━━ Extracted material ━━
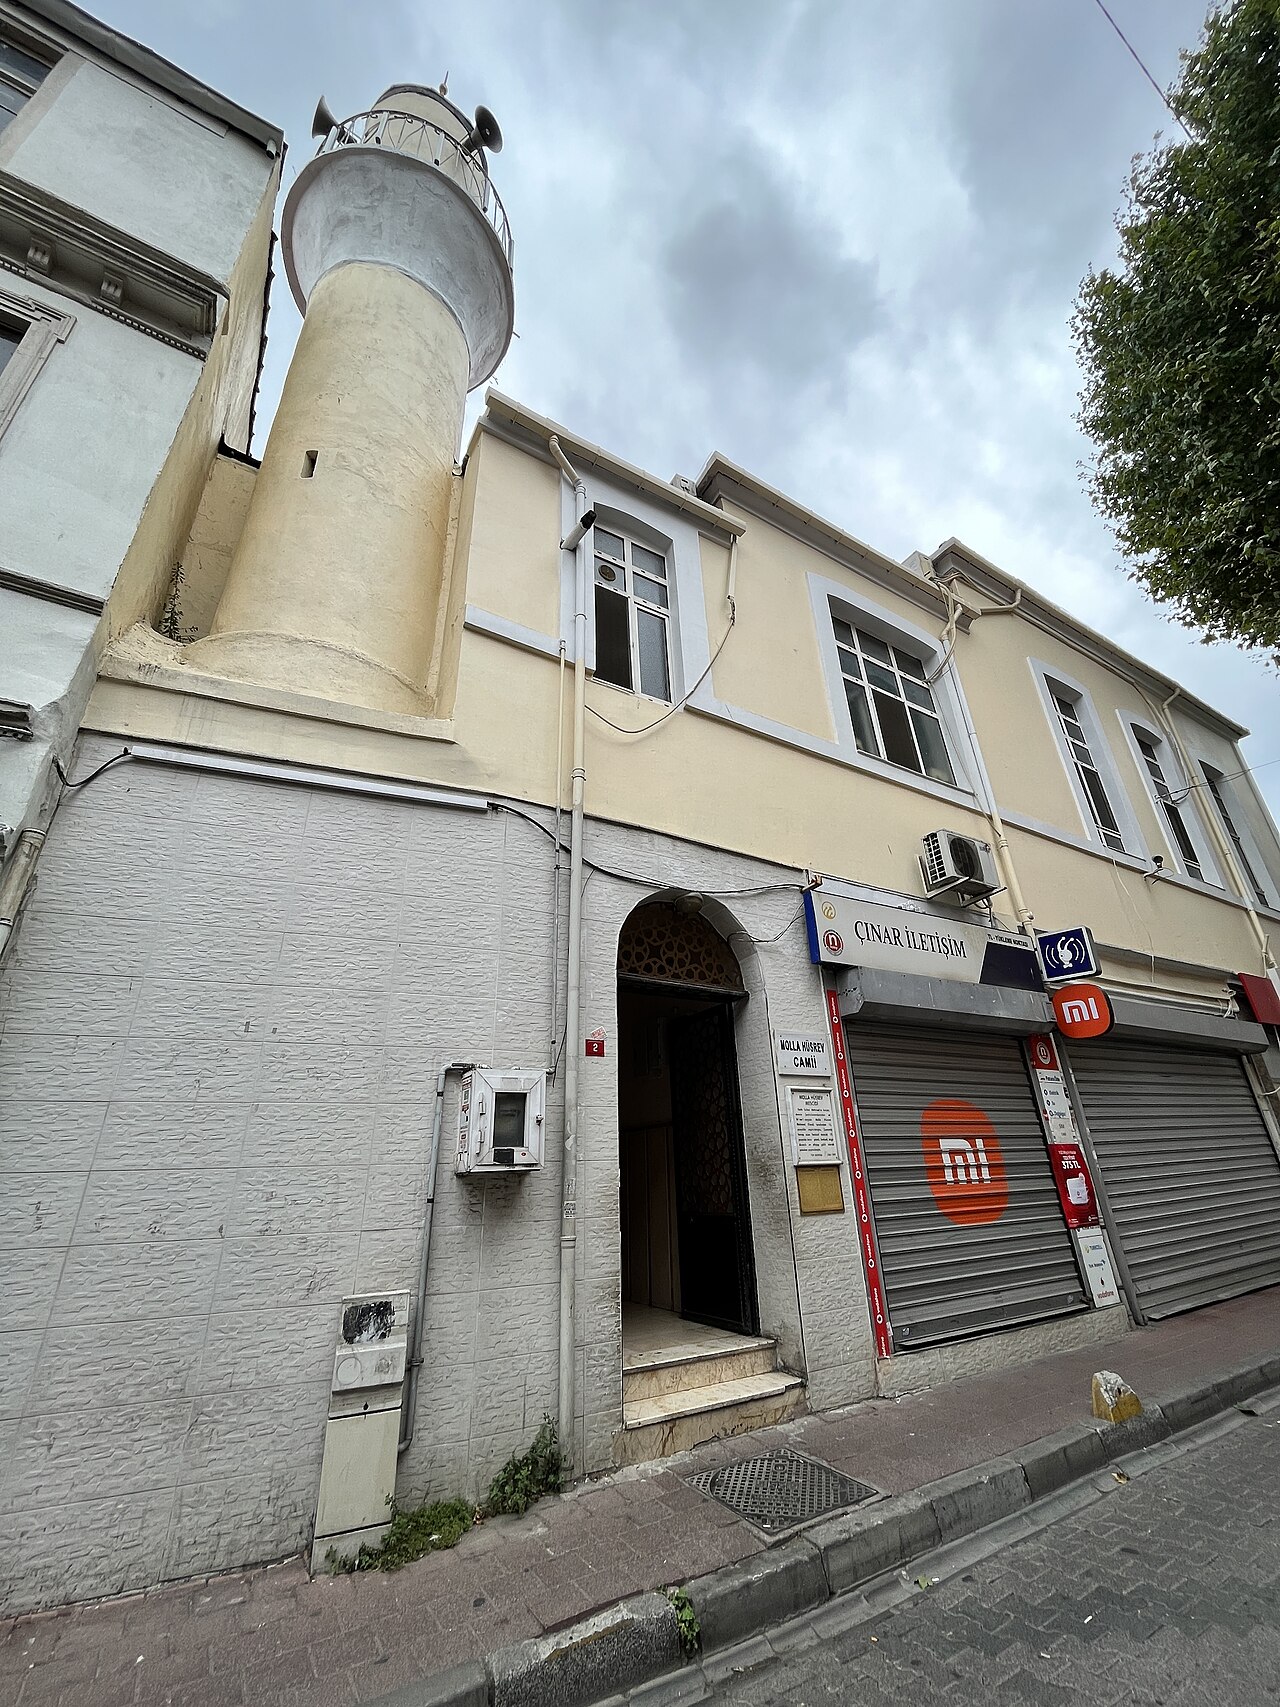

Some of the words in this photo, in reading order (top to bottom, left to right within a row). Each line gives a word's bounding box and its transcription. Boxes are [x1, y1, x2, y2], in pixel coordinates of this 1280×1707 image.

[854, 920, 905, 946] ÇINAR
[904, 925, 968, 961] İLETİŞİM
[593, 1042, 599, 1052] 2
[779, 1039, 801, 1052] MOLLA
━━━
Work request — Word for word, print out all of the records above; pass over the pictures.

Written response —
Some of the words in this photo, in reading order (top to bottom, left to right within a row). Each line gives a word's bounding box and its transcription. Boxes are [x1, y1, x2, y2], in pixel coordinates of this 1280×1707 image.

[854, 920, 905, 946] ÇINAR
[904, 925, 968, 961] İLETİŞİM
[593, 1042, 599, 1052] 2
[779, 1039, 801, 1052] MOLLA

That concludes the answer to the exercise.